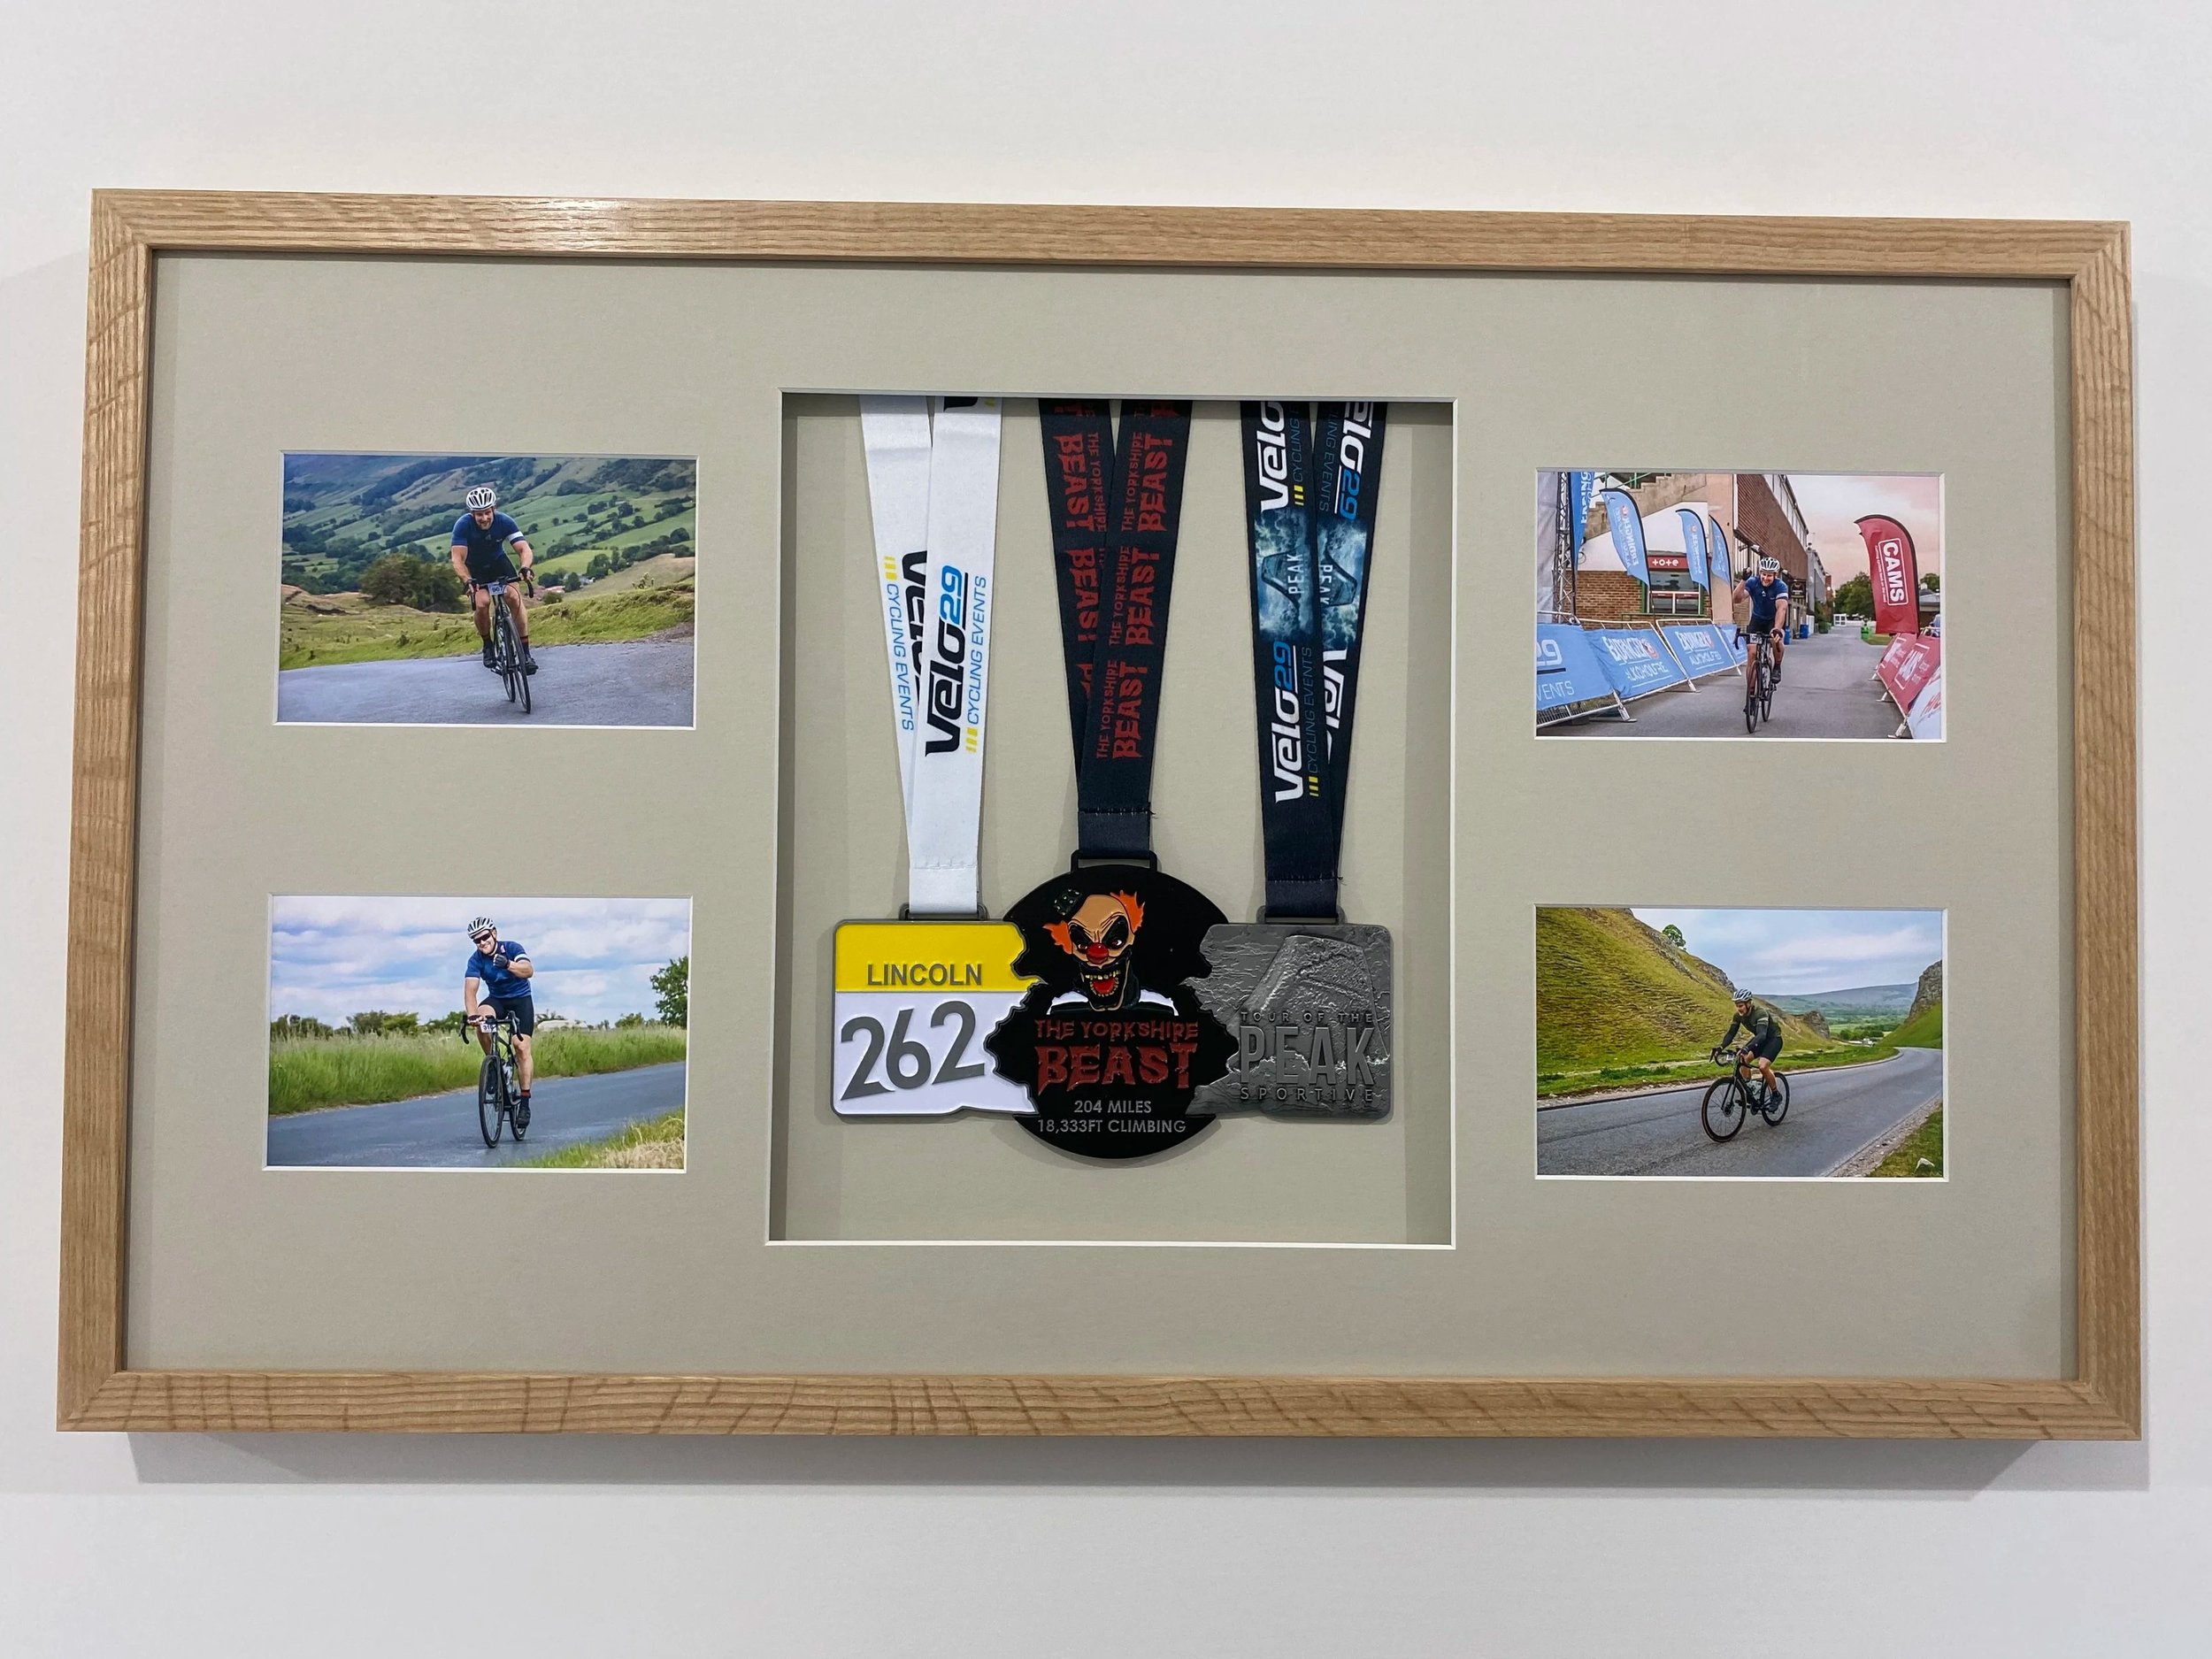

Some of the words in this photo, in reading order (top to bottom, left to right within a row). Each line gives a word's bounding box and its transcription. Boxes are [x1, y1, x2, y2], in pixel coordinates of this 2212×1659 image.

[1087, 431, 1100, 457] THE
[1125, 432, 1143, 503] YORKSHIRE
[1089, 460, 1108, 532] YORKSHIRE
[1318, 451, 1335, 512] EVENTS
[1121, 508, 1135, 532] THE
[1115, 546, 1133, 617] YORKSHIRE
[1286, 554, 1305, 595] PEAK
[1652, 558, 1679, 567] tote
[1883, 541, 1905, 603] CAMS
[887, 583, 907, 657] CYCLING
[972, 575, 987, 646] EVENTS
[1109, 621, 1123, 646] THE
[895, 662, 915, 731] EVENTS
[967, 649, 983, 725] CYCLING
[1101, 659, 1119, 730] YORKSHIRE
[1301, 647, 1313, 706] EVENTS
[1095, 734, 1110, 759] THE
[1303, 711, 1319, 774] CYCLING
[867, 964, 982, 987] LINCOLN
[1034, 1019, 1075, 1041] THE
[1080, 1020, 1199, 1042] YORKSHIRE
[1240, 1010, 1291, 1023] TOUR
[1303, 1011, 1325, 1023] OF
[1338, 1012, 1373, 1024] THE
[841, 1000, 986, 1102] 262
[1034, 1042, 1198, 1096] BEAST
[1240, 1025, 1376, 1086] PEAK
[1073, 1099, 1102, 1114] 204
[1107, 1100, 1152, 1114] MILES
[1240, 1087, 1374, 1102] SPORTIVE
[1037, 1118, 1103, 1134] 18,333FT
[1108, 1119, 1187, 1133] CLIMBING
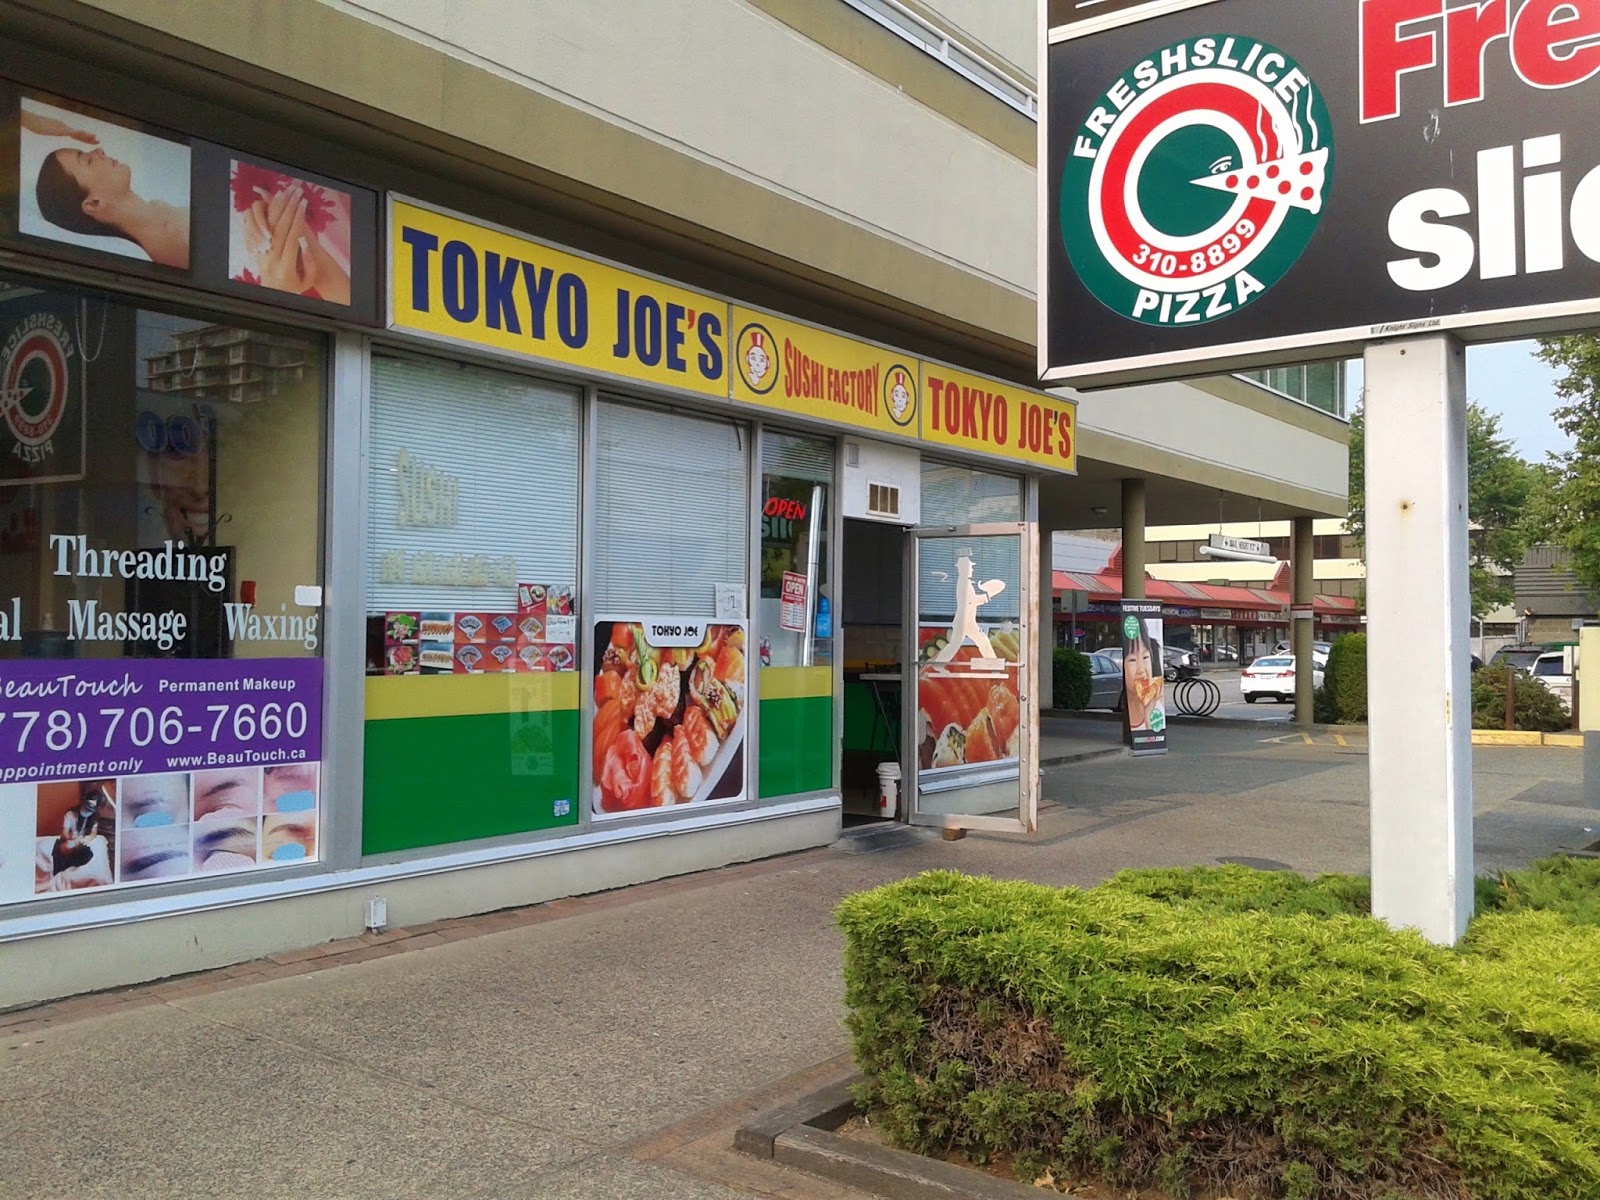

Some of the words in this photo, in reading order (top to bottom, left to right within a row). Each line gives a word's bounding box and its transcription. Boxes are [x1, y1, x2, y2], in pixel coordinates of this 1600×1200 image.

[1359, 0, 1600, 124] Fre
[1073, 37, 1308, 159] FRESHSLICE
[1132, 217, 1257, 276] 310-8899
[402, 225, 589, 349] TOKYO
[613, 288, 723, 380] JOE'S
[1132, 270, 1266, 323] PIZZA
[784, 337, 825, 400] SUSHI
[827, 362, 880, 417] FACTORY
[928, 376, 1008, 446] TOKYO
[1018, 401, 1071, 460] JOE'S
[764, 496, 807, 520] OPEN
[50, 534, 227, 592] Threading
[785, 580, 804, 596] OPEN
[67, 599, 187, 650] Massage
[224, 602, 319, 650] Waxing
[652, 625, 682, 637] TOKYO
[0, 673, 143, 699] eauTouch
[159, 679, 239, 693] Permanent
[243, 678, 296, 692] Makeup
[0, 709, 88, 752] 78)
[100, 701, 308, 748] 706-7660
[0, 760, 104, 782] ppointment
[108, 757, 143, 775] only
[166, 748, 306, 768] www.BeauTouch.ca

*-*-*

_EXERCISE_: An exact copy of each entry is required, minus the pictures.

_TASK SOLUTION_:
Some of the words in this photo, in reading order (top to bottom, left to right within a row). Each line gives a word's bounding box and its transcription. Boxes are [x1, y1, x2, y2], in pixel coordinates of this 2212×1659 image.

[1087, 431, 1100, 457] THE
[1125, 432, 1143, 503] YORKSHIRE
[1089, 460, 1108, 532] YORKSHIRE
[1318, 451, 1335, 512] EVENTS
[1121, 508, 1135, 532] THE
[1115, 546, 1133, 617] YORKSHIRE
[1286, 554, 1305, 595] PEAK
[1652, 558, 1679, 567] tote
[1883, 541, 1905, 603] CAMS
[887, 583, 907, 657] CYCLING
[972, 575, 987, 646] EVENTS
[1109, 621, 1123, 646] THE
[895, 662, 915, 731] EVENTS
[967, 649, 983, 725] CYCLING
[1101, 659, 1119, 730] YORKSHIRE
[1301, 647, 1313, 706] EVENTS
[1095, 734, 1110, 759] THE
[1303, 711, 1319, 774] CYCLING
[867, 964, 982, 987] LINCOLN
[1034, 1019, 1075, 1041] THE
[1080, 1020, 1199, 1042] YORKSHIRE
[1240, 1010, 1291, 1023] TOUR
[1303, 1011, 1325, 1023] OF
[1338, 1012, 1373, 1024] THE
[841, 1000, 986, 1102] 262
[1034, 1042, 1198, 1096] BEAST
[1240, 1025, 1376, 1086] PEAK
[1073, 1099, 1102, 1114] 204
[1107, 1100, 1152, 1114] MILES
[1240, 1087, 1374, 1102] SPORTIVE
[1037, 1118, 1103, 1134] 18,333FT
[1108, 1119, 1187, 1133] CLIMBING

Some of the words in this photo, in reading order (top to bottom, left to right within a row). Each line gives a word's bounding box and its transcription. Boxes are [x1, y1, x2, y2], in pixel coordinates of this 1600×1200 image.

[1359, 0, 1600, 124] Fre
[1073, 37, 1308, 159] FRESHSLICE
[1132, 217, 1257, 276] 310-8899
[402, 225, 589, 349] TOKYO
[613, 288, 723, 380] JOE'S
[1132, 270, 1266, 323] PIZZA
[784, 337, 825, 400] SUSHI
[827, 362, 880, 417] FACTORY
[928, 376, 1008, 446] TOKYO
[1018, 401, 1071, 460] JOE'S
[764, 496, 807, 520] OPEN
[50, 534, 227, 592] Threading
[785, 580, 804, 596] OPEN
[67, 599, 187, 650] Massage
[224, 602, 319, 650] Waxing
[652, 625, 682, 637] TOKYO
[0, 673, 143, 699] eauTouch
[159, 679, 239, 693] Permanent
[243, 678, 296, 692] Makeup
[0, 709, 88, 752] 78)
[100, 701, 308, 748] 706-7660
[0, 760, 104, 782] ppointment
[108, 757, 143, 775] only
[166, 748, 306, 768] www.BeauTouch.ca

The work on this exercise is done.